Caregiver Spouse

The role of caregiver—the spouse, parent, family member, or friend who cares for and supports a wounded, ill or injured service member—is an important one. And we understand that behind every wounded service member is a wounded family.

You may suddenly become a caregiver if your service member is injured, or you may gradually become a caregiver if your service member's health deteriorates due to illness or injury.

Caregivers need support, too. Our Tips from Caregivers for Caregivers is designed with you in mind. We hope these tips from seasoned caregivers will give you suggestions on how to support your recovering warrior or veteran and yourself.

Ask for Help

"You should appoint a person to handle communications for you. I had one civilian and one military. I would call to tell them what was going on and they would make the other 50 calls to update people on the latest surgery."

  • Keep a list of those who have offered help so you can reach out to them when you need to. You may not know the type of help you need, but when you do, this list will make things easier.
  • Select one or two people you trust to communicate with the rest of your family and friends. This allows you to limit your outgoing calls and know that important people in your life are still kept informed.
  • Start a free personalized webpage through CaringBridge to share quick updates to family and friends who live far away.
  • Create a list of tasks you would be comfortable delegating to family and friends - things like doing laundry, writing thank you notes, providing meals, and driving kids to activities.
  • Seek professional counseling to help you deal with the emotional toll of caregiving. It can help you process the grief, gain acceptance of the situation, and respond to day to day emotional challenges. To find counselors in your area, visit Military OneSource.

Seek Advice and Support

"I would have liked to have a mentor. A peer caregiver who has been where I am standing now. The amount of information we receive is overwhelming, yet often repetitive. The truly valuable resources for support, contacts, and information come from our fellow caregivers."
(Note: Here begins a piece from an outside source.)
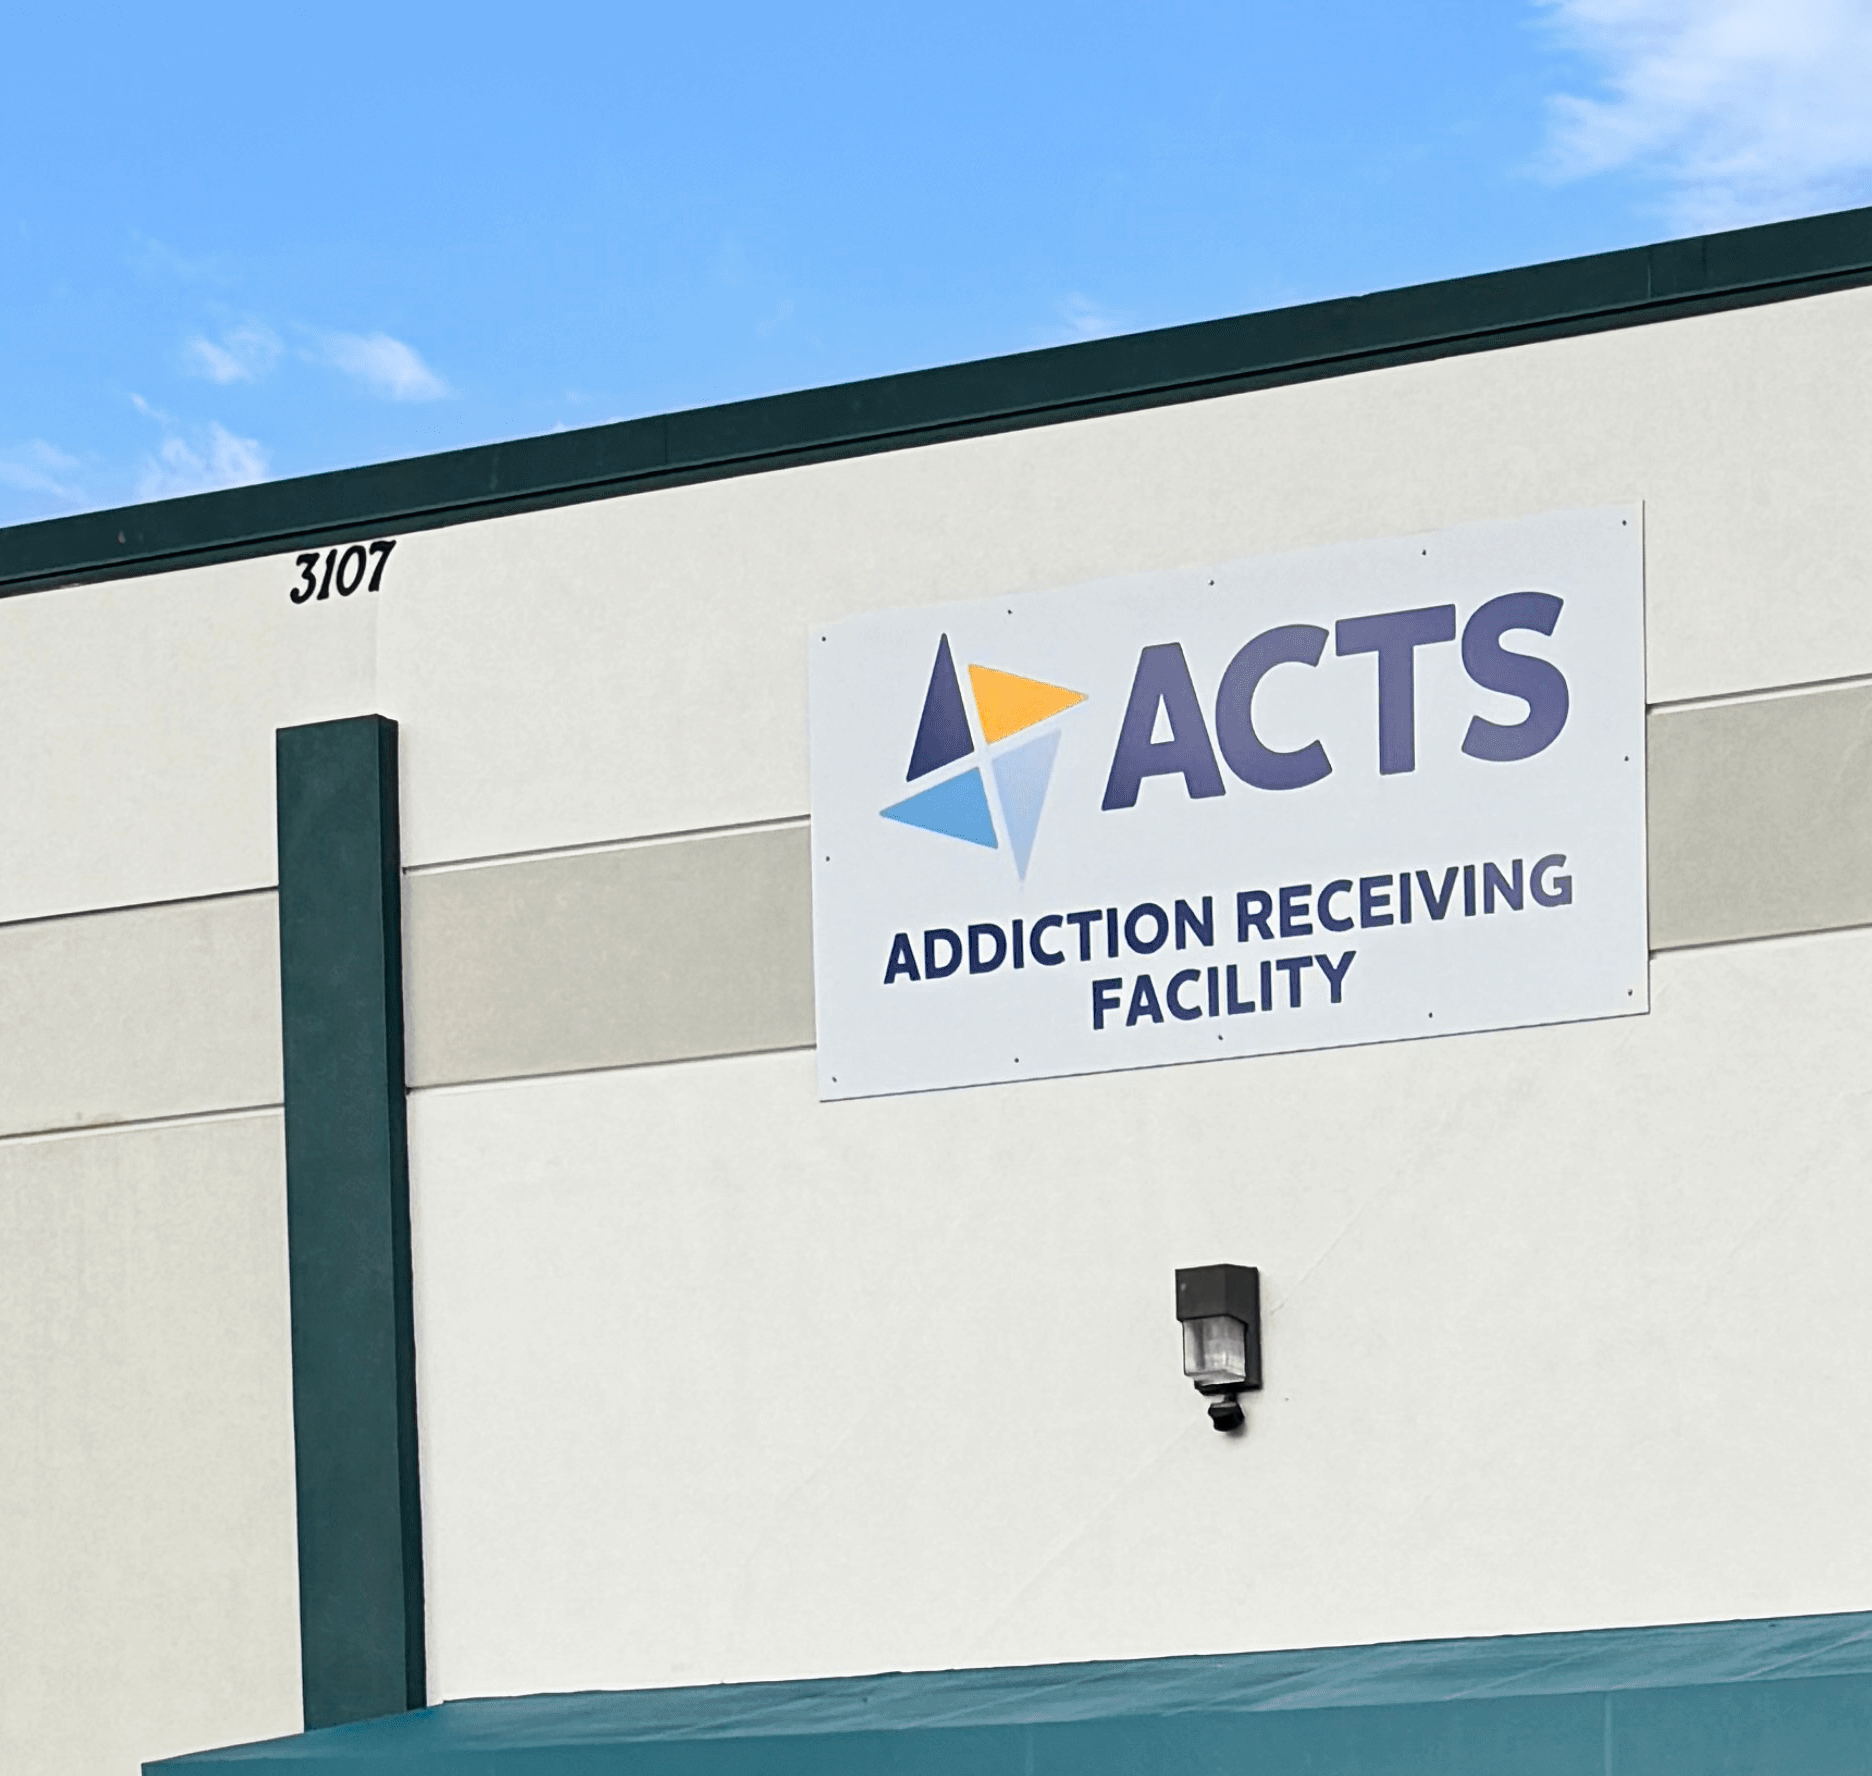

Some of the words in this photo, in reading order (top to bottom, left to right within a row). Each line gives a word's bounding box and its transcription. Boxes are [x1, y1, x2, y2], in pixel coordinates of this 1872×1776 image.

  • Download the DoD Caregiver Resource Directory.This National Resource Directory vetted guide covers topics ranging from benefit information to suicide prevention and more.
  • Find a mentor or peer support group (online or in person) of other military caregivers. Check with your local installation for information on any groups that may meet in your area.
  • Use the power of social media (e.g. Facebook, Twitter) to identify resources as you transition into your new role. Other caregivers are generally happy to share a little advice, and their knowledge of programs and services that will help you.
  • Always confirm informally shared information with official sources. All situations are different, and while a fellow caregiver may provide information that was helpful for their wounded warrior, it’s important to check with medical experts or case managers about your own loved one’s situation.
  • Resist the urge to compare your situation to that of other caregivers. Pull yourself away from groups that become negative or unproductive.

Take Care of Yourself

"The hardest part is taking care of yourself. All the advice is on how to take care of your spouse. It is hard to pull yourself out. I don’t mean to sound terrible, but for me to get a break, I need to get away from my service member, get away from the situation."

  • Slow down and create small breaks for yourself. Try 10 minutes of yoga or a walk around the neighborhood, or a phone call with a friend to help you to recharge and carry on.
  • Consider utilizing respite care. Find a trusted friend or relative who can consistently step in and help. If that isn’t available, there are organizations that provide respite care for military caregivers; TRICARE and the VA are two options.
  • Find a retreat specifically for military caregivers or families of wounded warriors. It can be a great networking opportunity and help a new caregiver adjust to his/her role. It will also provide a break from the day to day routine. The National Military Family Association, Wounded Warrior Project, and Operation Homefront’s Hearts of Valor are examples of organizations that provide military caregiver or wounded warrior family retreats.
  • Be kind to yourself. Chances are, you’re a first time caregiver still learning how to help your recovering warrior. Give yourself time to adjust and, above all, know you are not alone.
  • Find one activity that is just for you, away from being a caregiver. Join a book club, take a regular fitness class, incorporate meditation into your day, or write a blog.